Nos anos seguintes, o problema se agravou com a expansão do crédito dos bancos públicos, que tiveram a desvantagem adicional de não aumentar a produtividade ou a solidez da economia. O resultado foi apenas maior pressão inflacionária sem qualquer ganho de produtividade, além de iniciar a degradação das contas públicas que seria agravada na primeira metade desta década.
Esses fatores sugerem que a política fiscal deveria ter sido contracionista depois de 2006 para compensar o excesso de demanda produzida pela política pública.
Nelson Barbosa, no texto “A inflexão do governo Lula: política econômica, crescimento e distribuição de renda”, escrito em coautoria com José António Pereira de Souza, do qual retiramos a citação que iniciou nosso debate nas páginas do jornal Folha de SP, sugere que a alteração da política fiscal se justificava em função da existência de ociosidade na economia, como a existência de elevada taxa de desemprego.

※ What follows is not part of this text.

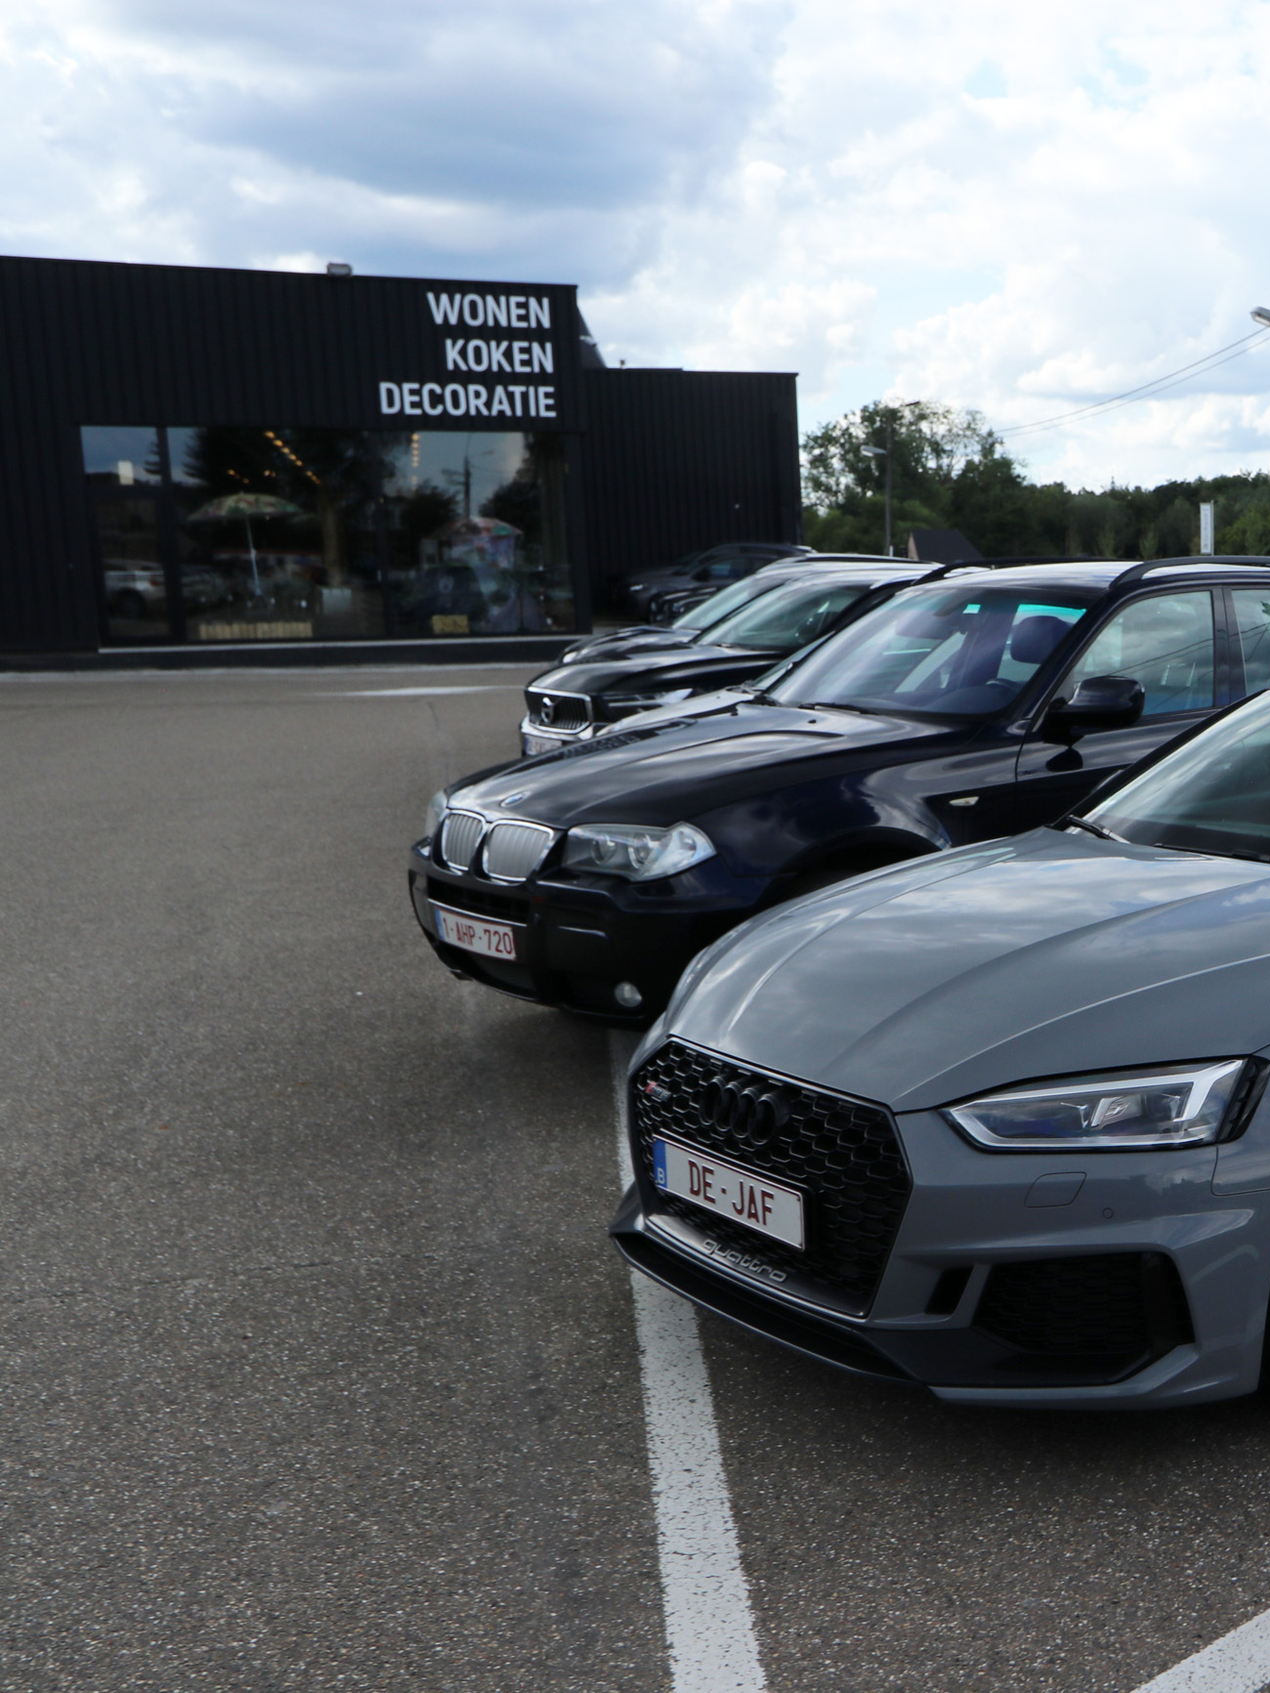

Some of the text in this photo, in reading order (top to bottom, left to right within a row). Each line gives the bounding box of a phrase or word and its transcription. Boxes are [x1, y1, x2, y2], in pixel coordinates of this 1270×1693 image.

Nelson parece não levar em conta que é perfeitamente possível que a taxa natural de desemprego seja elevada. O teste para sabermos se há ociosidade na economia é observar o que ocorre com a inflação, principalmente com os seus componentes mais sensíveis ao ciclo econômico. Entre 2006 e 2010, observou-se inflação de serviços maior do que a meta fixada pelo CMN e superior à inflação cheia, que também rodou além da meta no período. Claro sinal de excesso de demanda.
A inflexão na política fiscal em 2006 contribuiu para manter os altos juros reais e consolidar a fragilidade das contas públicas. Em poucos anos de uma política fiscal muito errada, 2012-2014, a nossa dívida saiu de controle.
A lição que fica de toda essa polêmica e da revisão da história da política macroeconômica recente no Brasil é que não faz o menor sentido – mesmo quando há algum espaço fiscal – que se pratique uma política fiscal expansionista em uma economia em que o controle da inflação requeira elevados juros reais. Já não erramos demasiadamente?
As opiniões expressadas neste artigo são de responsabilidade exclusiva do autor, não refletindo necessariamente a opinião institucional da FGV.